Decisions Enable Improvement
You can't improve what you don't understand. Decision logs let you:
- Identify patterns in bad decisions
- Understand confidence calibration
- Find edge cases where reasoning fails
The Decision-First Architecture
Every agent follows an observe-orient-decide-act loop. Your observability should capture:
- The decision (with full context)
- The outcome (what actually happened)
The action itself is just plumbing.
Implementing Decision-First Logging
Capture the Decision Point
from empress import log_decision
# When your agent makes a choice
options = agent.evaluate_options(context)
chosen = agent.select_best(options)
log_decision(
agent=agent.id,
context=context.to_dict(),
options=[{
"action": opt.action,
"confidence": opt.confidence,
"reasoning": opt.reasoning
} for opt in options],
decision=chosen.action,
confidence=chosen.confidence
)
# Then execute
result = agent.execute(chosen)
Capture the Outcome
from empress import log_outcome
log_outcome(
agent=agent.id,
decision_id=decision.id, # Link to the decision
result=result.status,
metrics={
"customer_satisfied": result.csat_score,
"resolution_time_minutes": result.duration,
"cost_incurred": result.cost
}
)
Skip the Action Details
# DON'T do this
log("Calling refund API")
log("API returned 200")
log("Updating database")
log("Database updated")
log("Sending confirmation email")
log("Email sent")
# DO this
log_decision(decision)
# ... execute ...
log_outcome(outcome)
Decision Quality Metrics
Once you're logging decisions, you can measure decision quality:
Confidence Calibration
Are high-confidence decisions actually more likely to succeed?
SELECT
FLOOR(confidence * 10) / 10 as confidence_bucket,
COUNT(*) as decisions,
AVG(CASE WHEN outcome = 'success' THEN 1 ELSE 0 END) as success_rate
FROM decisions
JOIN outcomes ON decisions.id = outcomes.decision_id
GROUP BY confidence_bucket
ORDER BY confidence_bucket
If 90% confidence decisions succeed 60% of the time, your agent is overconfident.
Option Diversity
Are agents considering enough options?
SELECT
agent_id,
AVG(options_count) as avg_options_considered
FROM decisions
GROUP BY agent_id
Agents consistently considering only one option aren't really deciding.
Reasoning Patterns
What reasoning leads to good vs bad outcomes?

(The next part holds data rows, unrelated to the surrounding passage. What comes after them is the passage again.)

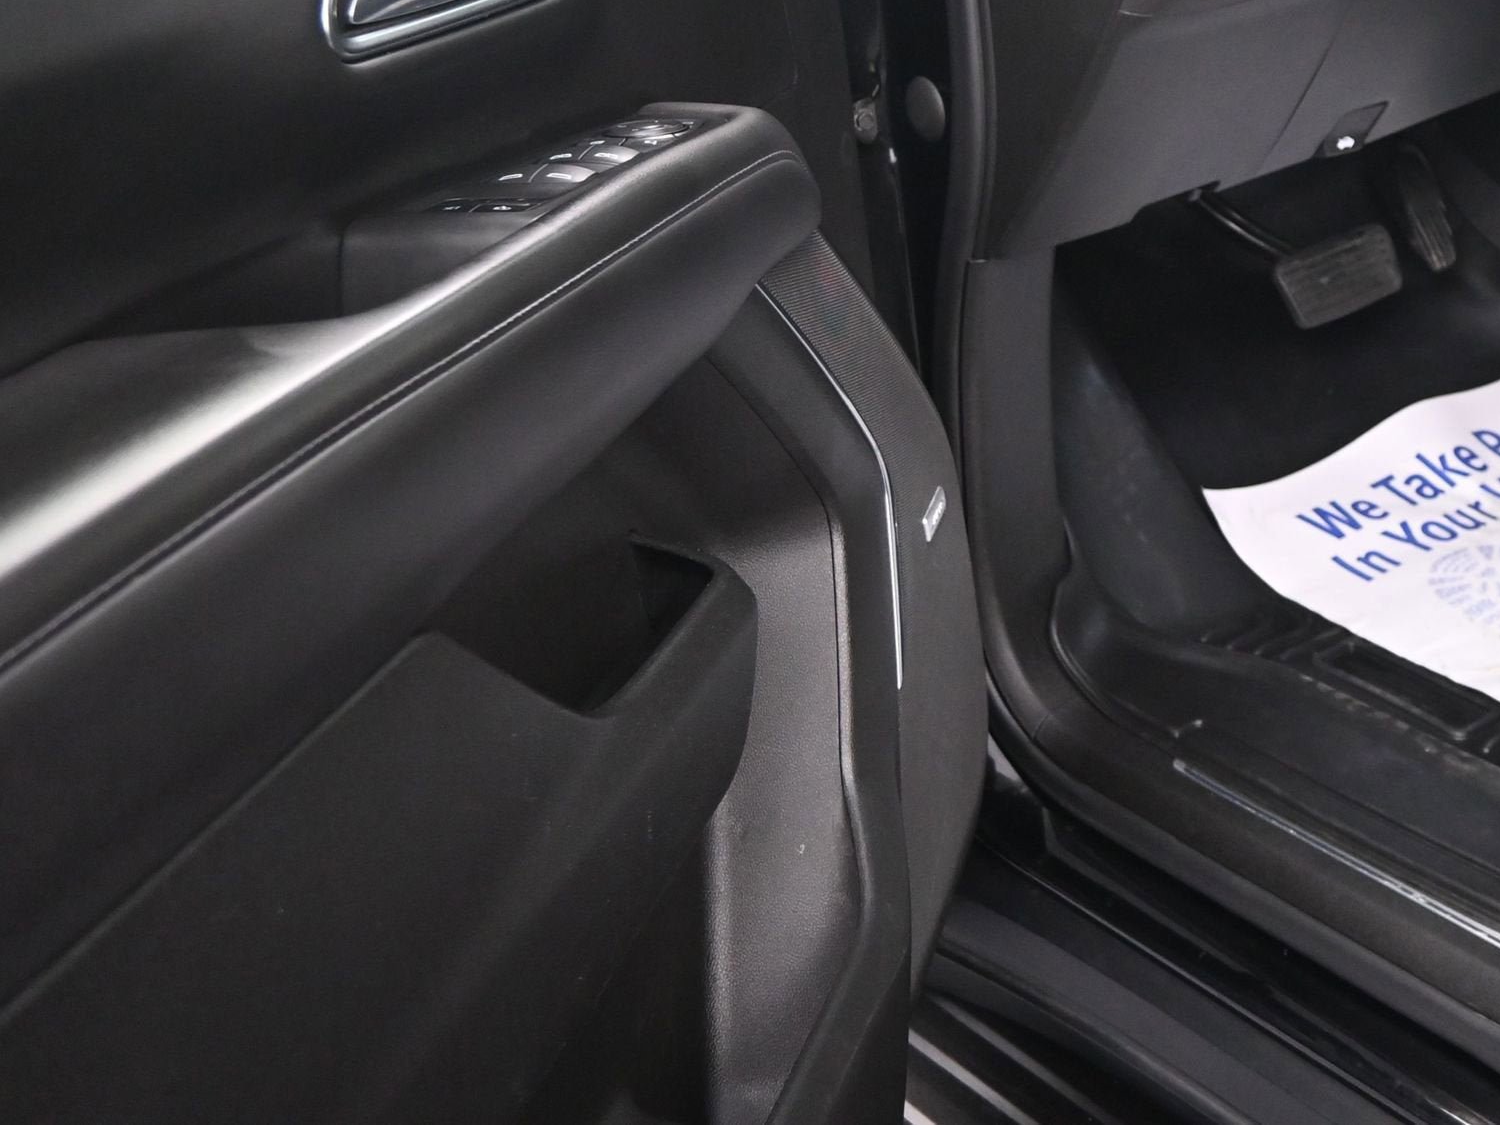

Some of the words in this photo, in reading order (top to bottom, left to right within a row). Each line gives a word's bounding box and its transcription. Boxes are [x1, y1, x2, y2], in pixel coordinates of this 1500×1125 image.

[1295, 500, 1390, 540] We
[1371, 453, 1489, 506] Take
[1330, 549, 1402, 583] In
[1381, 500, 1500, 553] Your
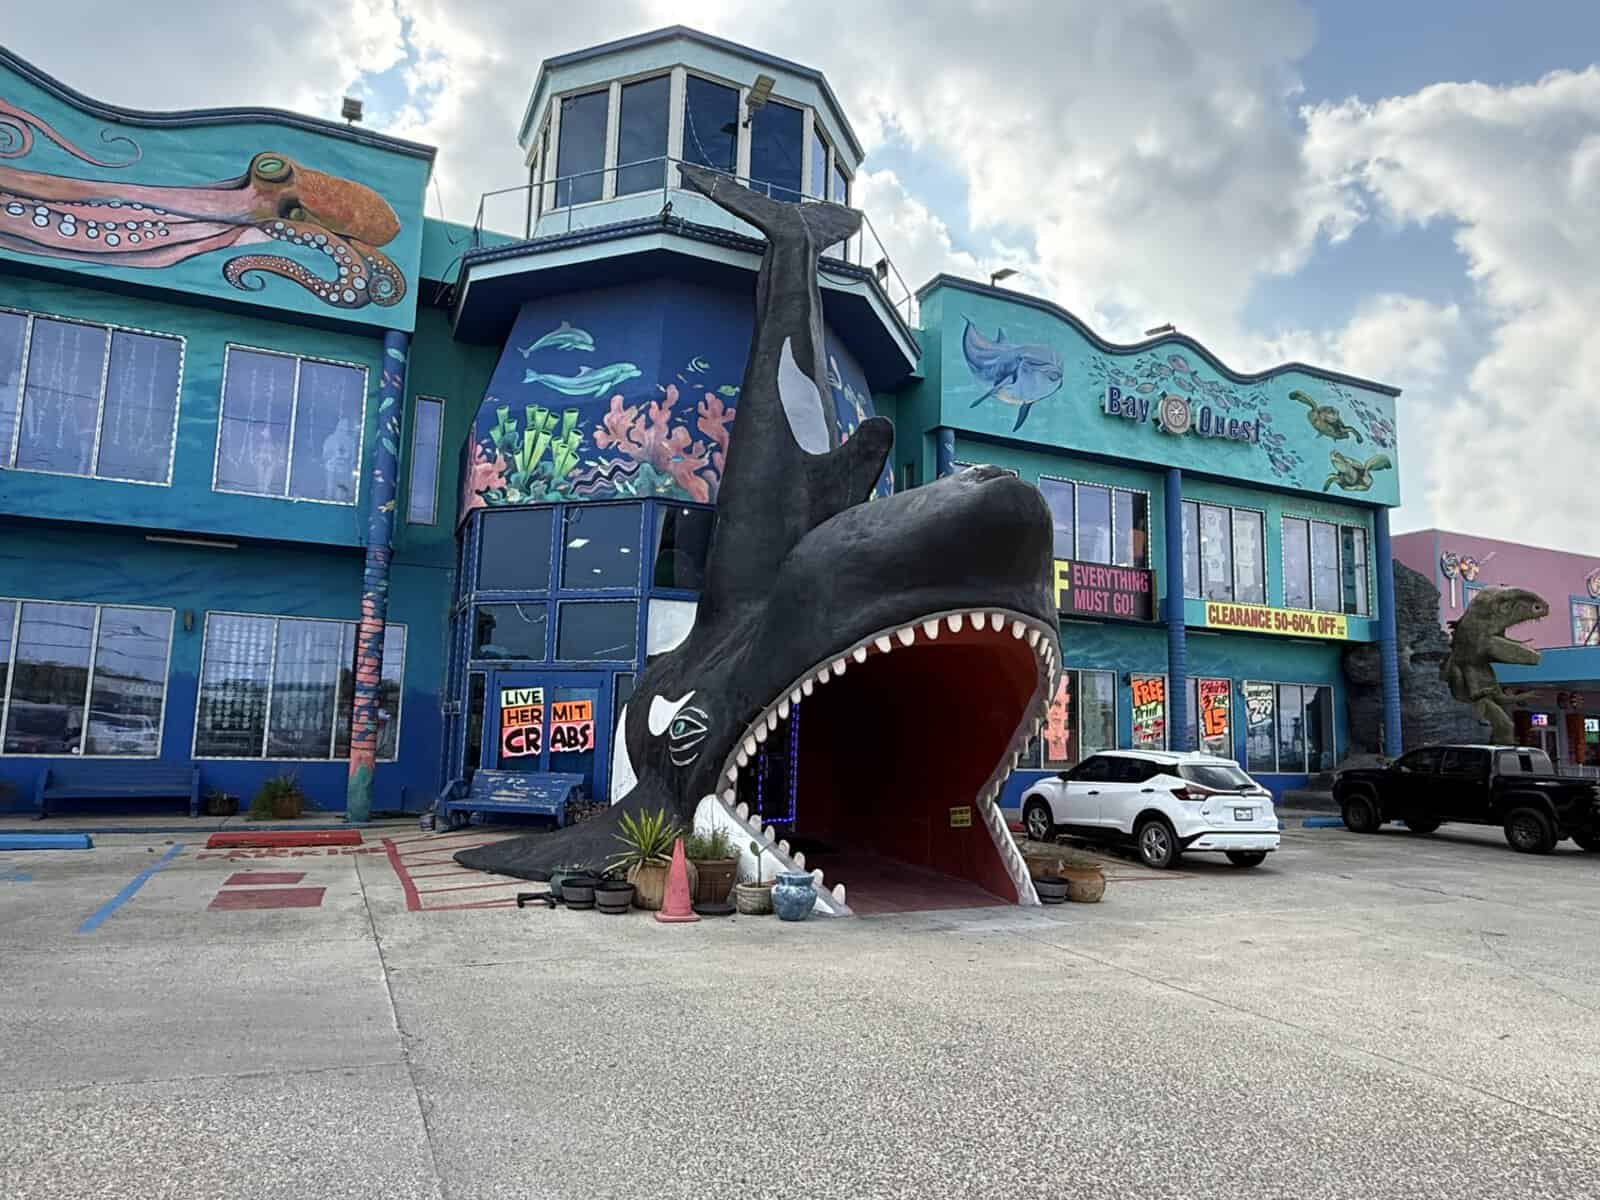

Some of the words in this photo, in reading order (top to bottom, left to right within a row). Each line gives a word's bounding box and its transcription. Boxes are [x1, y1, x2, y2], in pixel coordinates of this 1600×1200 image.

[1105, 387, 1149, 423] Bay
[1196, 406, 1263, 444] Quest
[1072, 564, 1149, 593] EVERYTHING
[1074, 588, 1110, 613] MUST
[1113, 592, 1135, 616] GO!
[1208, 604, 1273, 629] CLEARANCE
[1274, 611, 1316, 633] 50-60%
[1318, 615, 1337, 635] OFF
[505, 690, 541, 705] LIVE
[1131, 680, 1165, 708] FREE
[506, 708, 543, 724] HER
[552, 704, 587, 721] MIT
[1204, 708, 1227, 736] 15
[505, 726, 541, 753] CR
[550, 724, 591, 749] ABS

This requires more sophisticated analysis, but decision logs make it possible.
The Empress Advantage
Empress is built for decision-first observability. The platform:
- Structures decisions with first-class support for options, context, and reasoning
- Links outcomes to the decisions that caused them
- Visualizes decision patterns across agents and time
- Alerts on decision anomalies not just action failures
Traditional observability tools can store decision data, but they're not built for it. Empress is.
Getting Started
- Identify decision points in your agent logic
- Instrument decisions with full context
- Link outcomes back to decisions
- Stop logging actions that don't add insight
Your observability will become smaller, cheaper, and dramatically more useful.
Focus on decisions. Everything else is noise.